Through the recently created Prescribed Fire Science Consortium (RxScience), Tall Timbers, the US Forest Service, managers, and researchers from across the country have teamed up to focus on the pressing needs of prescribed fire science. This group intends to address the problems of predicting fire behavior of ignition patterns, resulting smoke transport, and fire effects from a collaborative approach that grew out of my experience at Eglin Air Force Base.
Prescribed fire is a wonderfully complex mix of physics, chemistry, atmospheric science, and forest ecology all wrapped up in a day’s work. Because of this complexity, interdisciplinary teams are needed to advance our understanding of prescribed fire and how it works on the landscape. Just as importantly, since experience is the key to learning, managers must be part of any team from the beginning.
This RxScience effort is directed by a core team which is developing a 5-year plan to direct activities of an annual fire research event to be held at Tall Timbers. These events beginning in April of 2017 will focus on a priority prescribed-fire topic (e.g., fuel characteristics) to be studied through comprehensive measurements of fire behavior, winds, and forest stands. This effort will ultimately develop new tools for practitioners, but also directly answer questions that arise from managers on key prescribed fire topics. Tall Timbers' proximity to many frequently burned lands and its history of supporting research through burning provides an ideal setting for RxScience activities.

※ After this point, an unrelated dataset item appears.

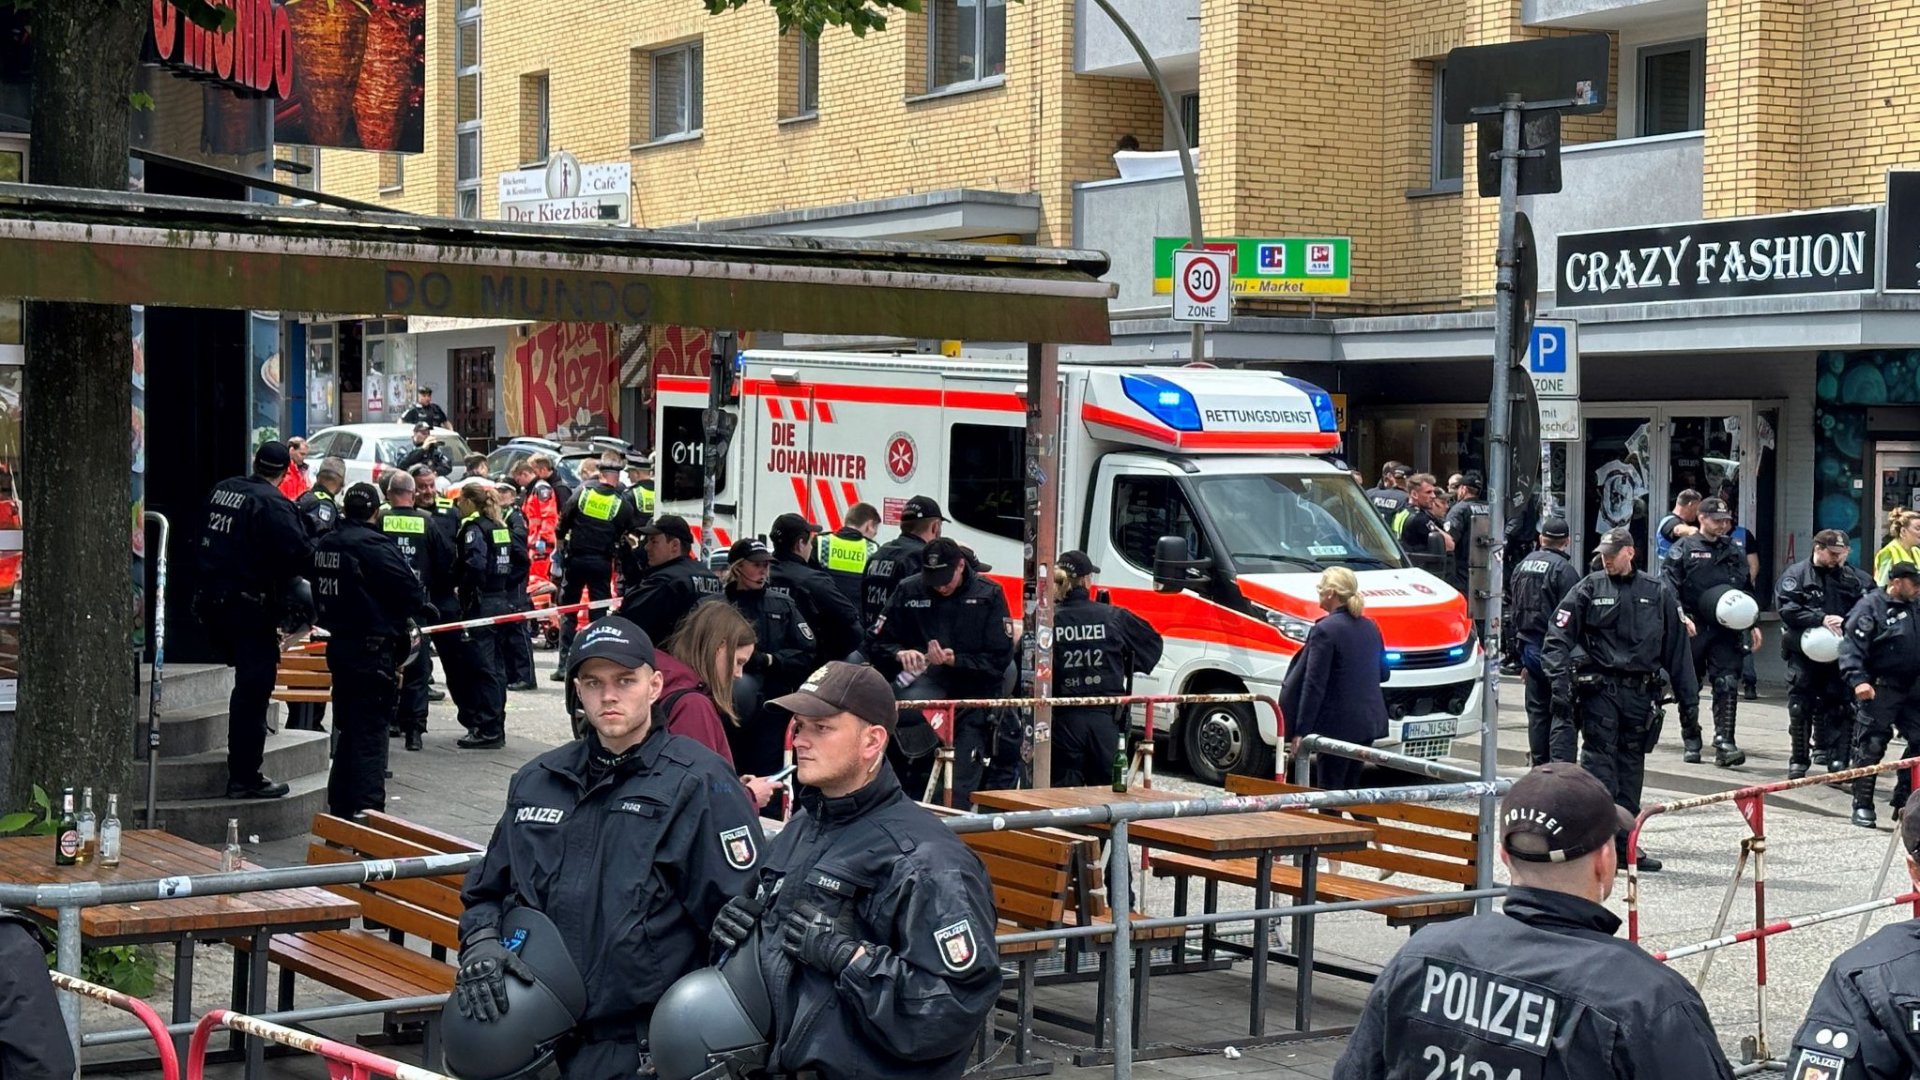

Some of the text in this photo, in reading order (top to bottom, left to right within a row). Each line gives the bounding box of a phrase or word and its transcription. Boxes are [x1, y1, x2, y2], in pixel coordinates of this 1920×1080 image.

For some prescribed fire managers for whom burning is a long-standing part of their cultural heritage, science may not appear a limiting factor for the continued application of prescribed fire. However, the rapid pace of change around us, including social acceptance, urban development, climate change, and balancing competing management objectives, begs for a better understanding of the process many of us think we know. The RxScience collaboration will pursue the questions most needed to improve effective fire management by providing the firm scientific basis on which prescribed fire will continue to stand well in to the future.